Cost Border Delay Canada and United States

If you have ever crossed the Canada-US border, you have been part of the over 400,000 people and $2 billion in business that moves across the two countries every day. That’s a lot of volume to handle, and with volume comes delay.

According to a study at the University of Waterloo and Wilfrid Laurier University, border delays cost Canadians and Americans over $30 billion each year.

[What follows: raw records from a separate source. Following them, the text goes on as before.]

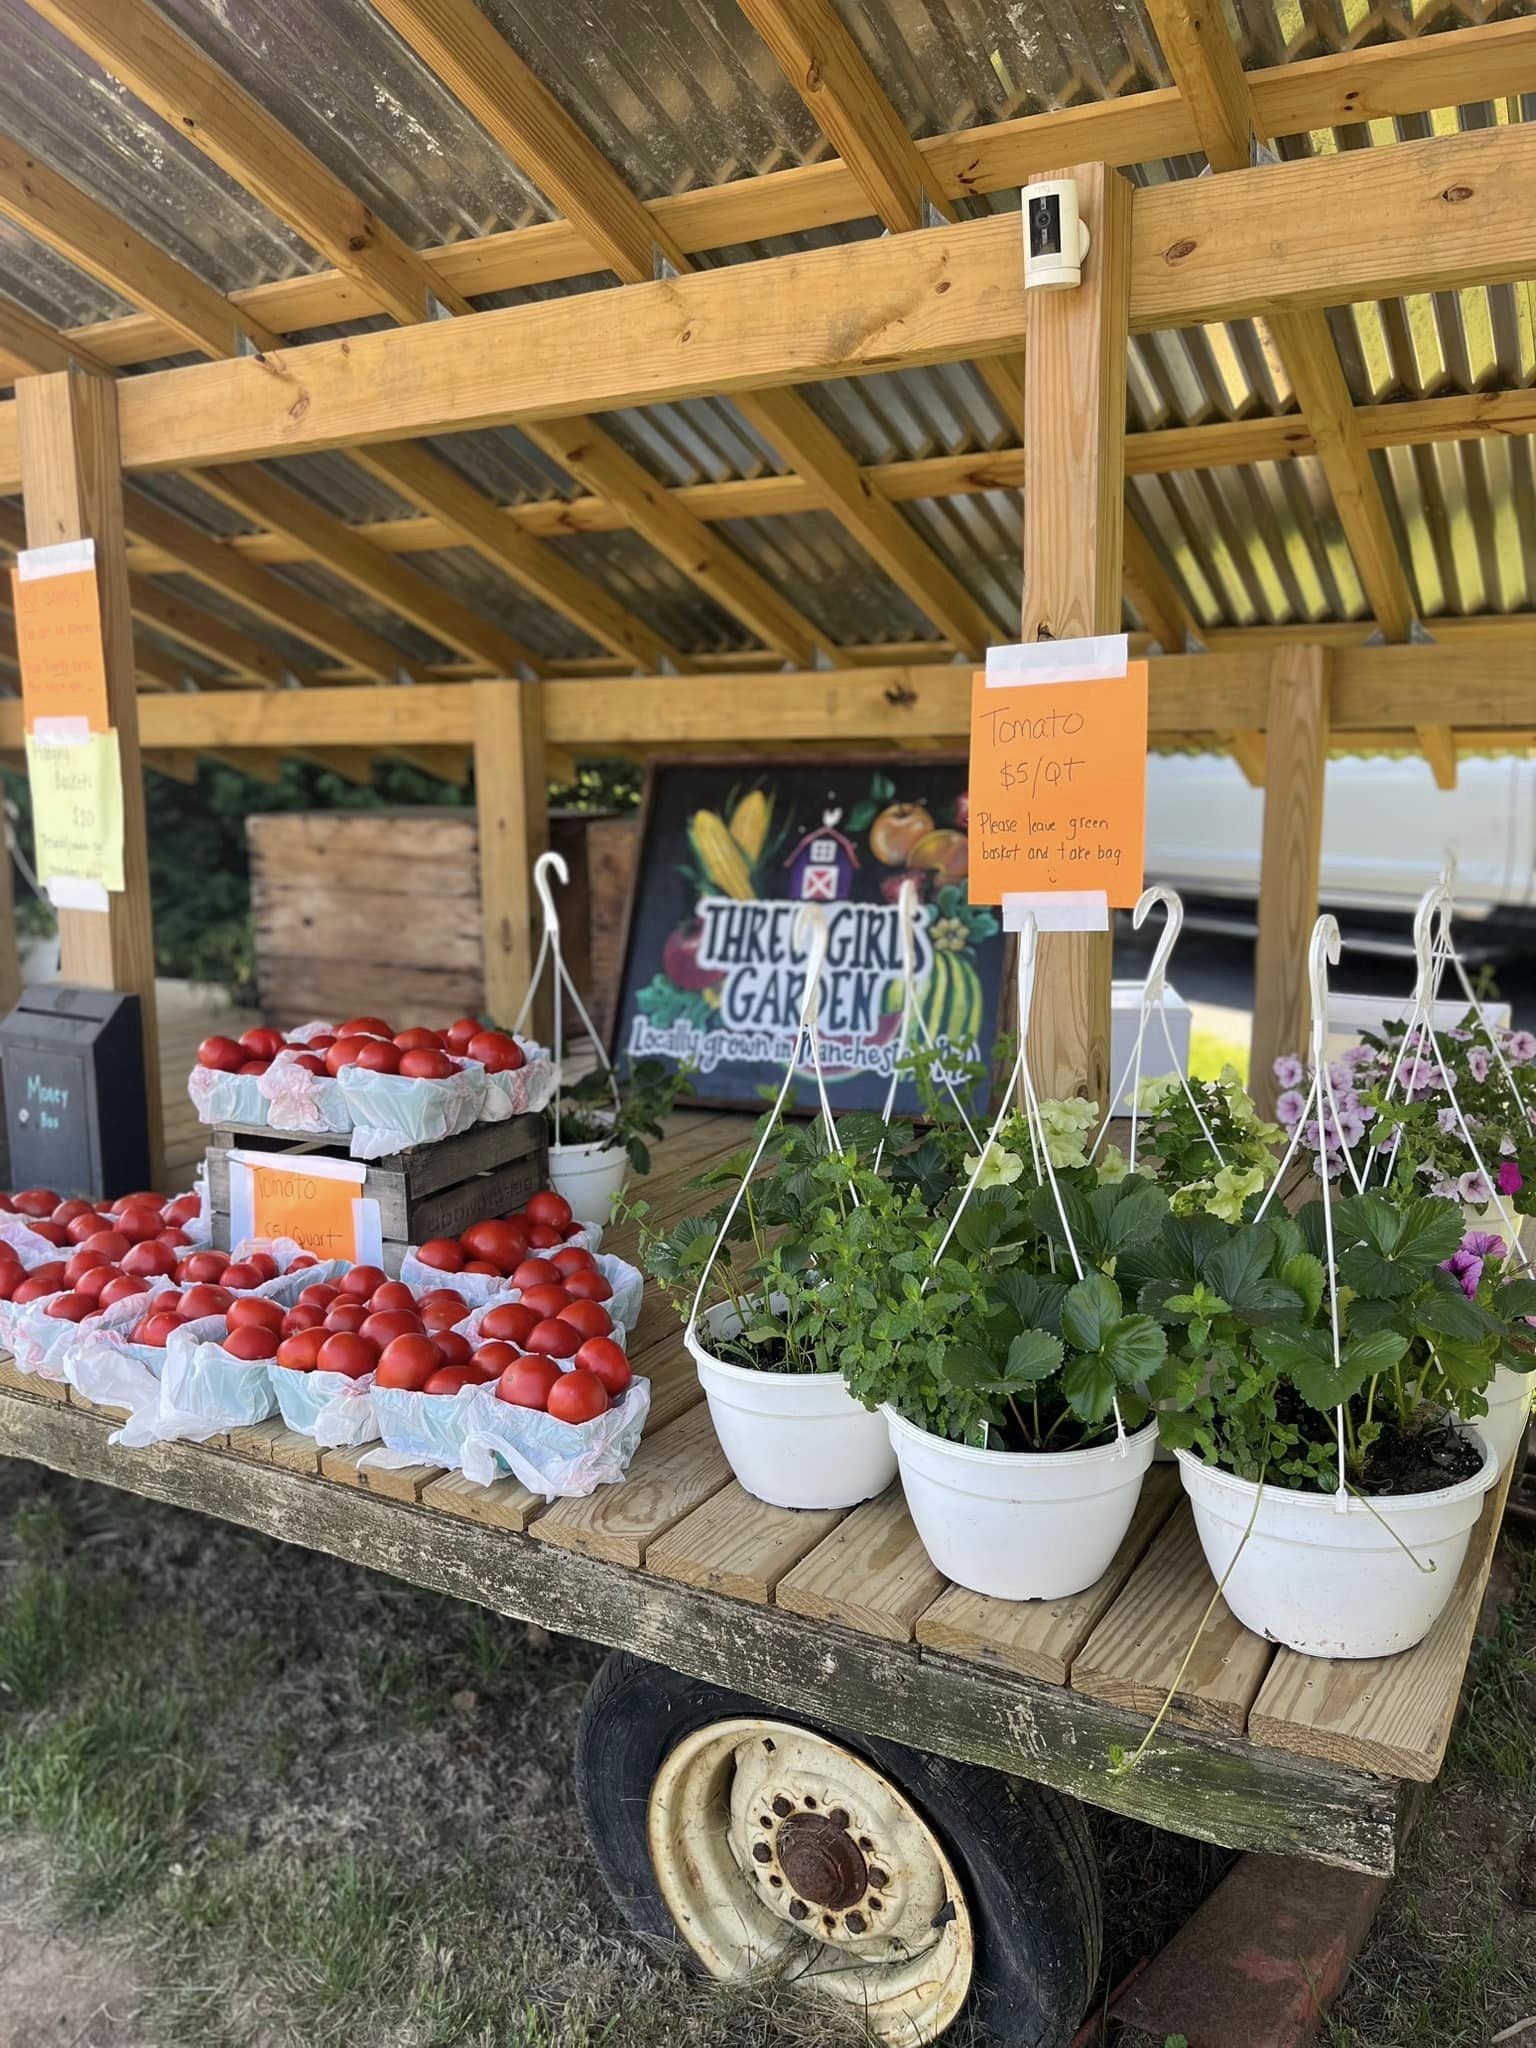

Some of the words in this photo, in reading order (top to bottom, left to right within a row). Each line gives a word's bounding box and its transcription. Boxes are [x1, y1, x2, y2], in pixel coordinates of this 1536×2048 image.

[979, 706, 1084, 747] Tomato
[977, 812, 1017, 835] Please
[1028, 812, 1056, 836] leave
[1066, 817, 1108, 840] green
[982, 842, 1020, 860] basket
[1028, 846, 1048, 860] and
[1098, 845, 1121, 866] bag
[634, 1022, 700, 1064] Locally
[703, 1033, 768, 1066] grown
[775, 1038, 792, 1058] in
[253, 1167, 316, 1201] Tomato
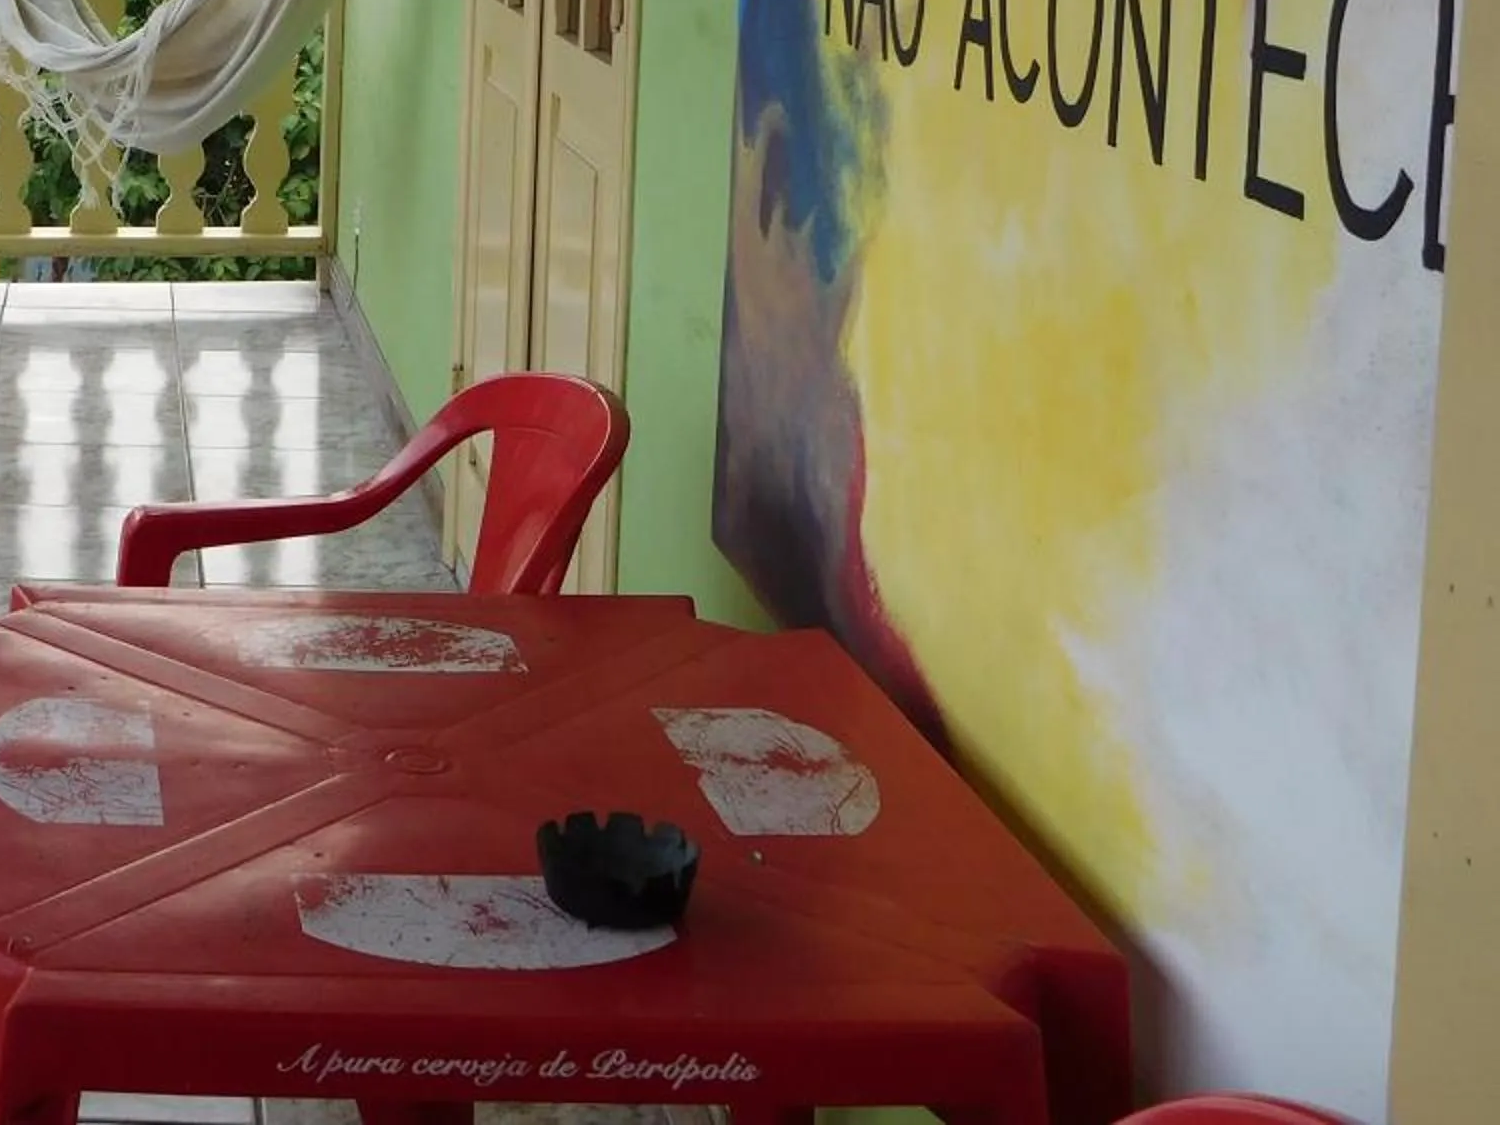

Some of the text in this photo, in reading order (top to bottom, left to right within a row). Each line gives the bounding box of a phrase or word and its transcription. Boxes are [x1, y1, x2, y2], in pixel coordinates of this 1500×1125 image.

[276, 1042, 759, 1091] A pura cerveja de Petrópolis

An important thing to ask is where these costs come from. More so, can we reduce them?  The study points out two main areas of concern:

  • Tightened border security
  • Inadequate infrastructure for increased volume

Tightened Border Security

Ever since the 9/11 terrorist attacks in the United States, border security has become a high-level concern. Additional security mandates that have been put in place, such as increased random inspections, have slowed down the rate of cross-border transactions. The effect that this has on Canada-US trade quickly increases when the sheer amount of trade that goes through the border each day is considered.

In fact, according to a study by the Ontario Chamber of Commerce, a four-hour delay at the Ambassador Bridge (Windsor, Ontario) can cost the Ontario economy up to $7 million in lost production costs.

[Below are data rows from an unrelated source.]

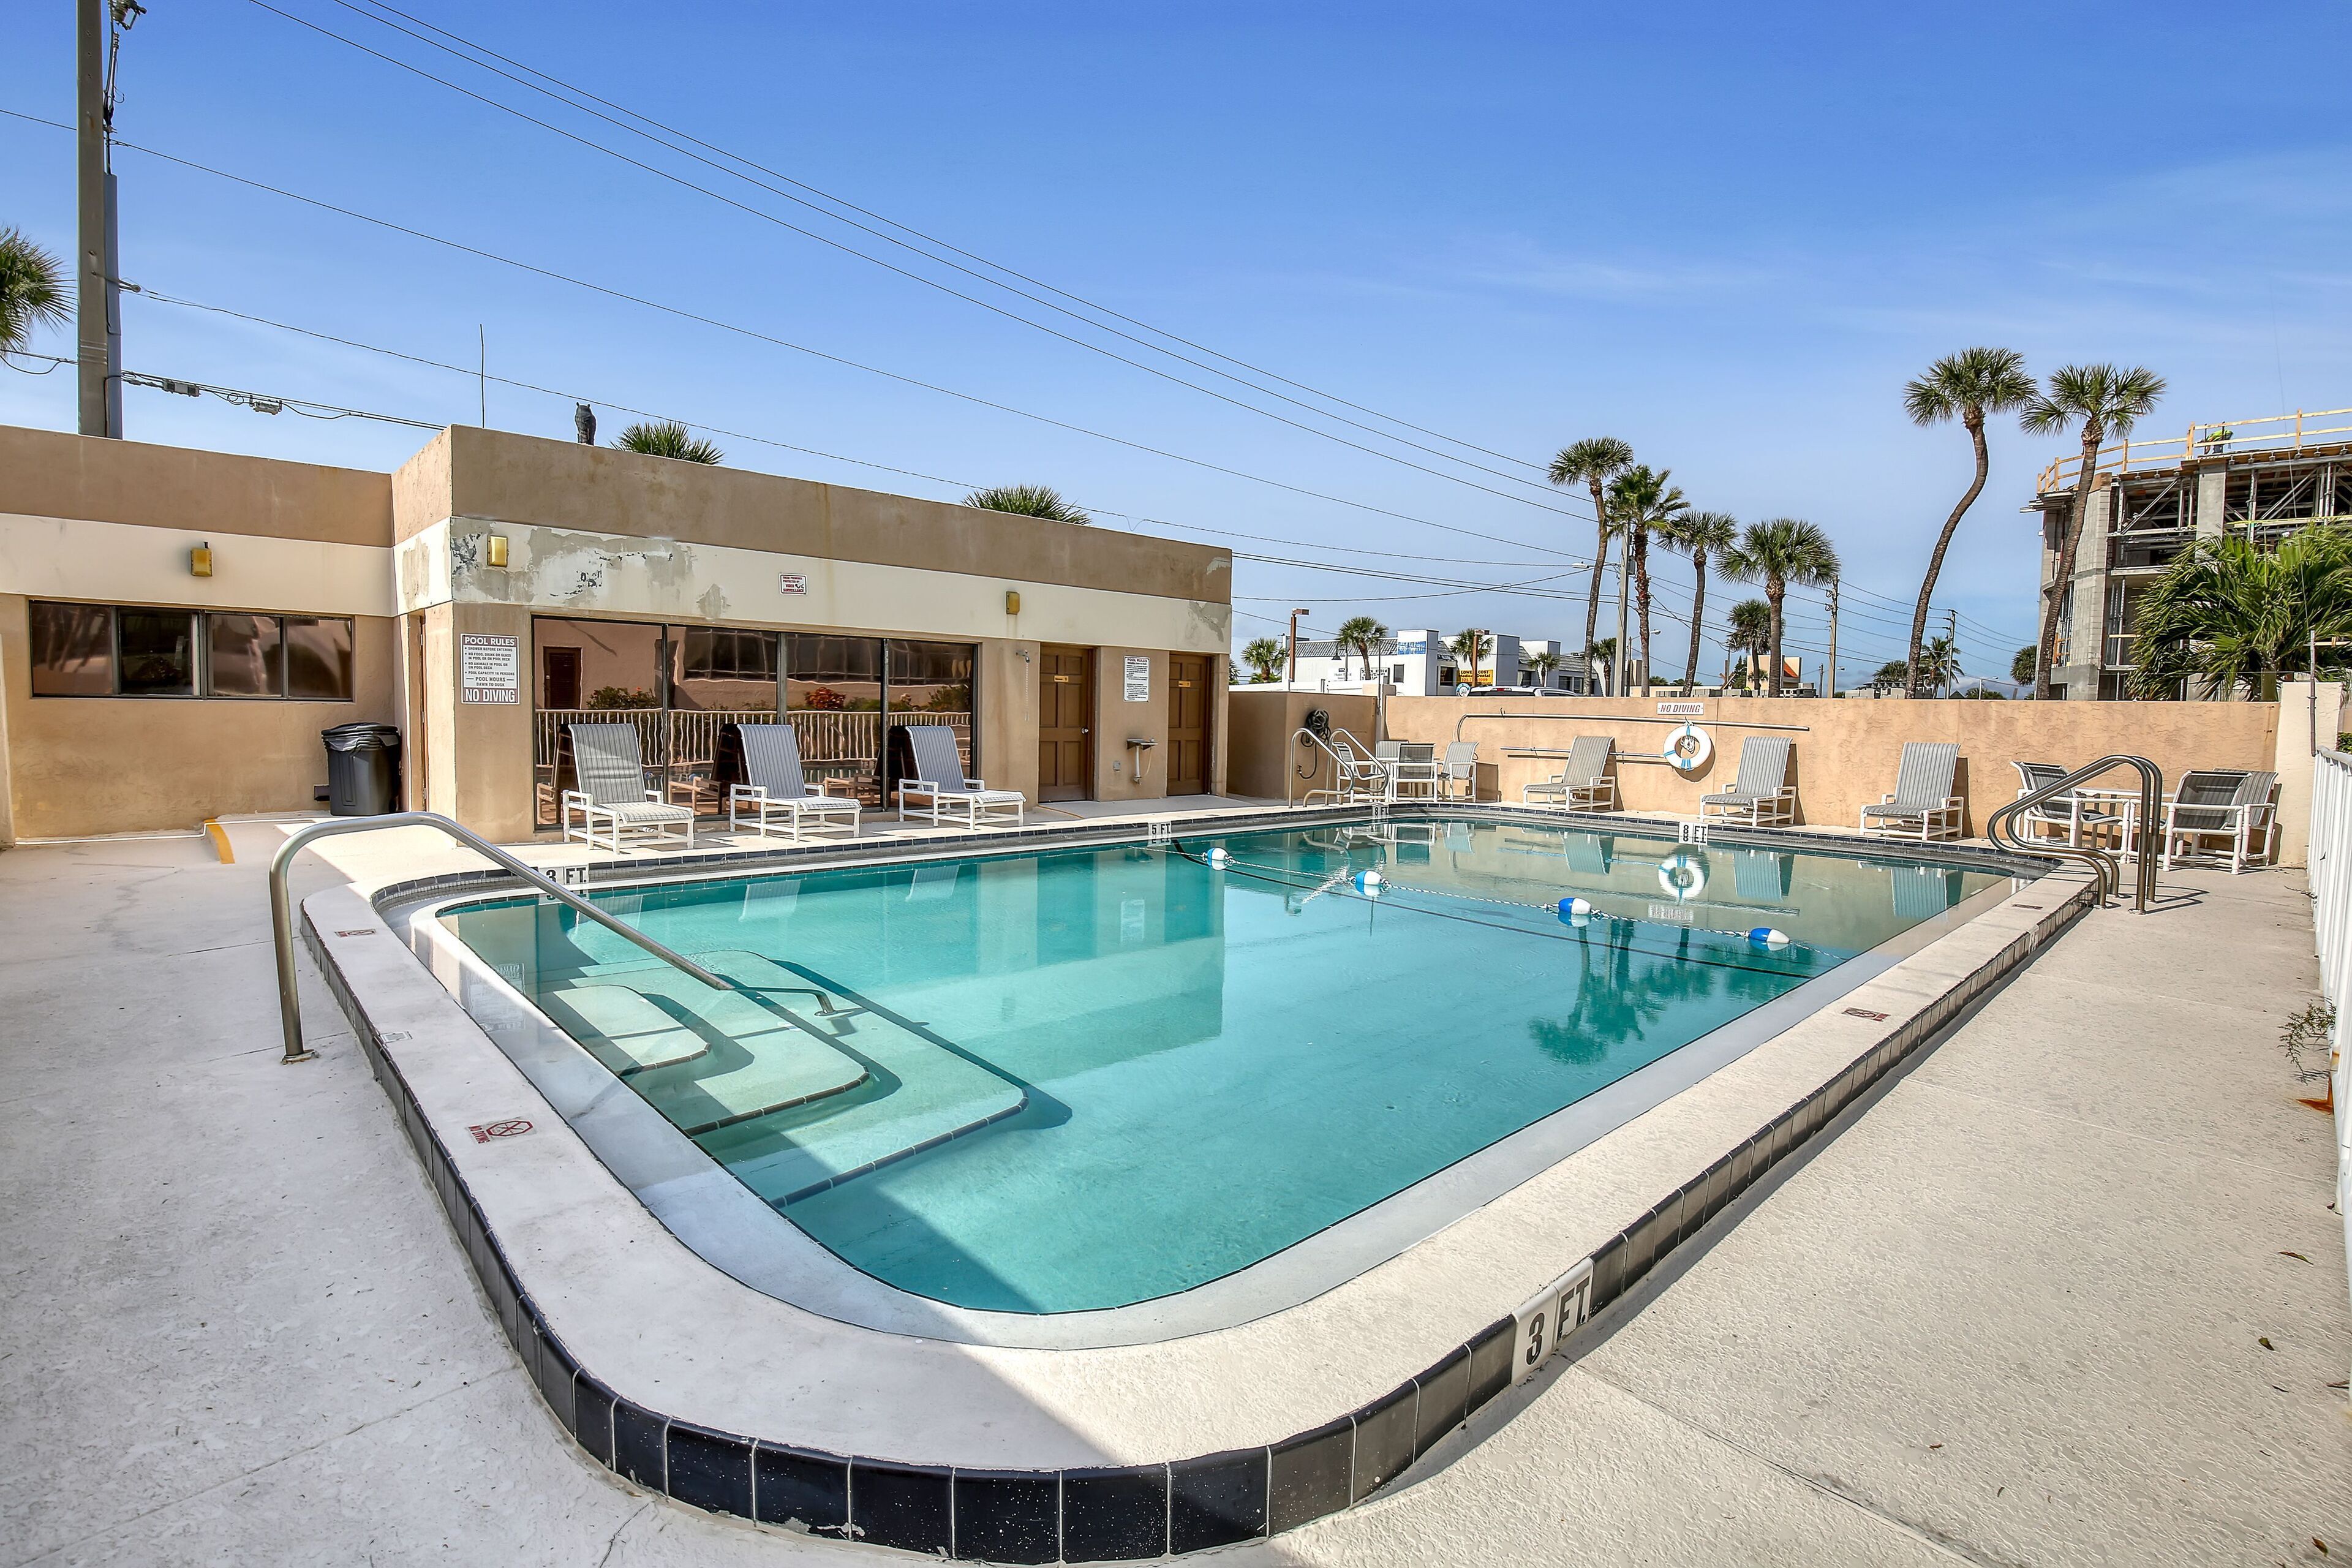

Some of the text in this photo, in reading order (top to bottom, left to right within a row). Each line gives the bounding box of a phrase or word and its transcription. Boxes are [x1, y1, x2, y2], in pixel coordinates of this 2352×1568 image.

[491, 638, 514, 646] RULES
[466, 689, 514, 702] NO DIVING
[1375, 807, 1378, 815] 8
[1152, 824, 1157, 834] 5
[1684, 824, 1706, 835] 8 FT.
[546, 867, 587, 883] 3 FT.
[1526, 1275, 1590, 1365] 3 FT.

As Canadian and American businesses accumulate costs due to inefficient borders, individual citizens pay the price too. Consequences which affect the general population include lost jobs as a result of cost cuts, increases in the costs of imports and exports (estimated to be up to 6%), and environmental pollution from idling vehicles.

Inefficient Border Infrastructure

Aside from increases in security mandates, border delays are also attributed to inefficient infrastructure at the borders themselves. Specific contributors to border delay that do not deal with security include:

  • Inefficient staffing by border agencies across peak times
  • Unreliable border wait-time information available for border-crossers
  • Inadequate primary inspection facilities which have not stayed up to date with decades of increasing border crossing volume

To resolve this, the government has two options: build new infrastructure, or increase the efficiency of existing infrastructure. While both are likely to help solve the problem, expanding infrastructure is by far the most expensive option. Alternatively, border delay management systems exist to help borders operate at a more efficient level, within their current infrastructure.

Cutting Border Delay Costs

Several solutions have been put forward to try and solve the border delay problem. The key to finding a solution, according to the Eastern Border Transportation Coalition (EBTC), is to ensure each border office has accurate and current information on their wait times.

One solution for this is to employ a non-intrusive sensor system. Such a system allows borders, as recommended by the EBTC, to actively measure border wait-times and queue lengths. As a result, each border office will be able to collect real-time, historical, and predictive data on their border delay. With this data, borders can properly plan for staffing requirements at peak times to increase efficiency. Additionally, the system delivers a method for providing reliable wait-time information to border crossers. With live data fed to the border’s website, both commercial and individual travelers could adjust their trips accordingly. The result reduces bottlenecks and build-up at the border. It flattens the level of delay across the day, and reduces the costs incurred due to unnecessary wait-times.

Moving Forward

With over 400,000 trips and $2 billion dollars of trade flowing across the border each day (and future traveler and trade volumes expected to increase) the Canada-US border needs to find a solution. While it may not be an option to loosen security measures, and building new infrastructure would be highly expensive, solutions do exist for borders to make an almost immediate change in their efficiency.